Stuart Hall, one of the well-known scholars customized on identity, factors that identification is dynamic, not stable and it is in continuous flux:

"Perhaps rather than thinking as individuality as an already achieved historical fact, which the new cinematic discourses signify, we ought to think, instead, of 'identification' as a production, which is never complete, always in process, and always constituted within, not outside the house, representation (ibid 210)", (Davis, 2004, p. 184).

Therefore, cultural personal information can be considered as a historically located group of experiences that need to be recovered in order to fulfill the desire to become one land or one people, hence, happens to the words.

As it expresses beyond what its words signifies, dialect also unveils "the way individuals situate themselves in romance to others, the way they group themselves, the capabilities they declare for themselves and the capabilities they stipulate to others" (Sterling, xxx). People use terms to indicate sociable allegiances, that is, which groups they are users of and which groupings they aren't. Furthermore, they use vocabulary to create and maintain role relationships between individuals and between categories in that manner that the linguistic varieties utilized by a community form a system that corresponds to the structure of the society.

Therefore, a speaker uses language not and then express but to make a representation of him/herself in relation to others with whom s/he is interacting. The issue of respect is an aspect of the broader romance between electricity and language. Vitality is the amount to which interlocutor can control the tendencies of the other. S/he then uses the language of intimacy and familiarity as they used it in greetings, interacting about family, and leave-takings. In talking about their jobs and other "external" acquaintances, they use the colonizer's terminology, which possibly evidence distance.

Sterling (xxx) also argues that within a contemporary society or a culture, speech habits become tools that audio system change to group themselves and categorize others with whom they may be interacting:

"Because of the relationship between language use and group regular membership, language can motivate profound group loyalties. It could serve as a symbol of unification on several levels. Over the national level, terminology loyalty can serve an important politics function. Many people in america are threatened by the use of languages apart from British. To speak a terms other than English is regarded as "un-American. " It is because English is "promoted as the one and only possible language of the unified and healthy nation". On an area level, vocabulary is symbolic of loyalty to a community". (Sterling, xxx, p. xx).

For the city as a whole, socialization through words learning creates conformity to interpersonal norms and transmits the culture of the community. As s/he discovers language, a kid learns the communal composition of the culture, learning the appropriate linguistic form for every kind of person. This is part of communicative competence.
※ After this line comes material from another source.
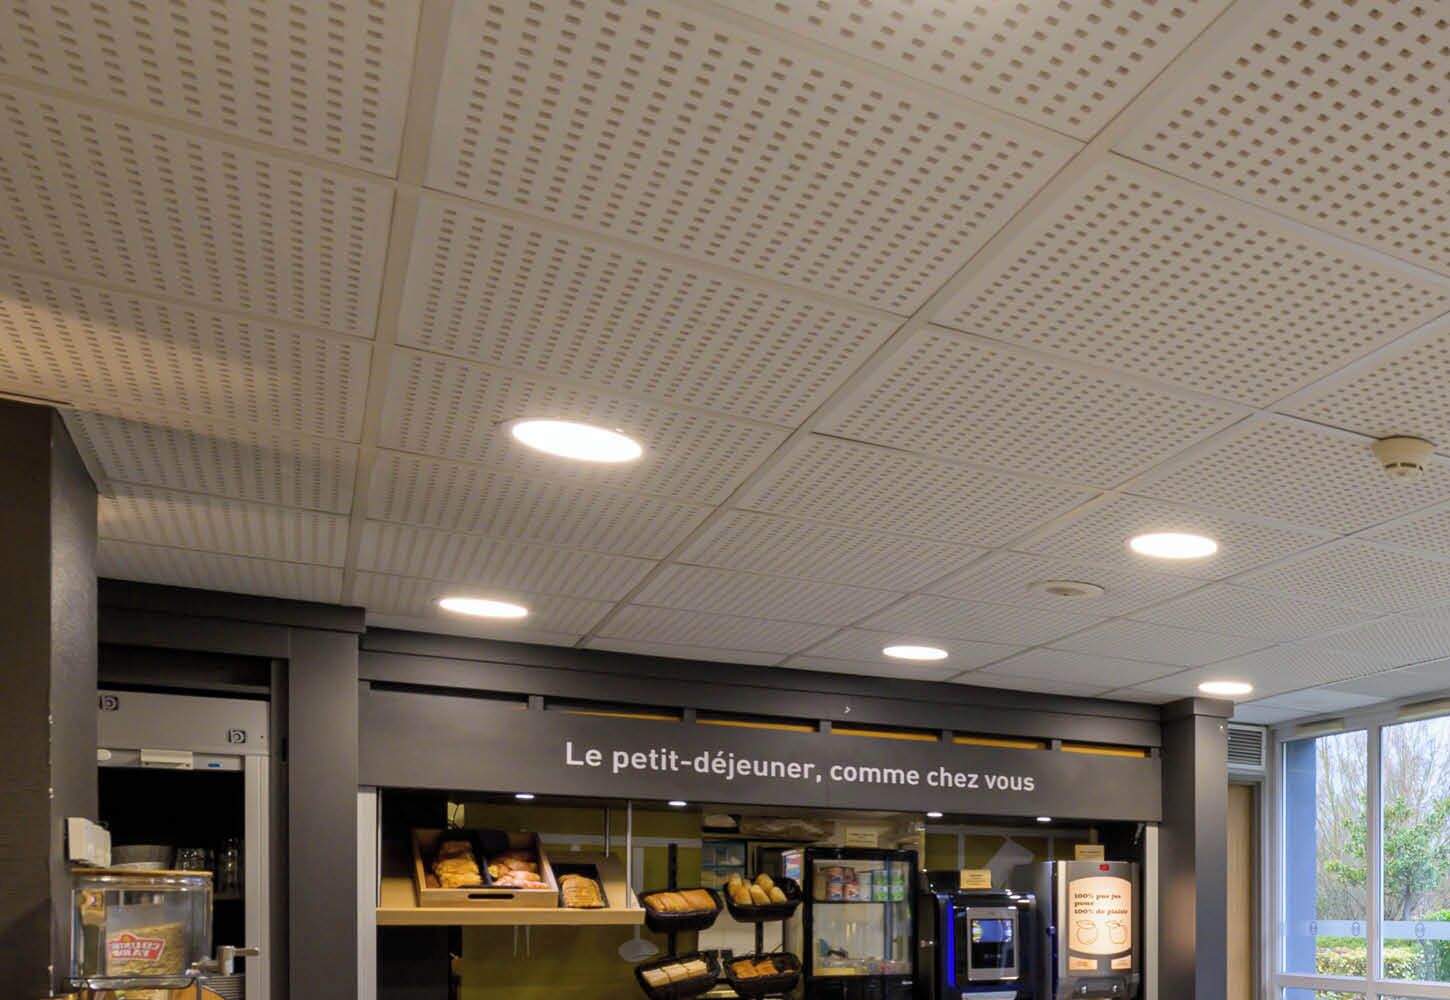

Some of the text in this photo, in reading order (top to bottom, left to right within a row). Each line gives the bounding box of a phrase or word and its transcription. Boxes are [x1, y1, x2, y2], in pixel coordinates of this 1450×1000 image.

Communicative competence isn't just focusing on how to speak the specific language(s) found in the talk community but also focusing on how to use dialect appropriately in virtually any given cultural situation in the community. And the capability to know that is tightly related to the id that one supports. "Speech habits become tools that speakers manipulate to group themselves and categorize others with whom they are interacting" which is only shared with those showing a certain identification, whether in a community or a culture.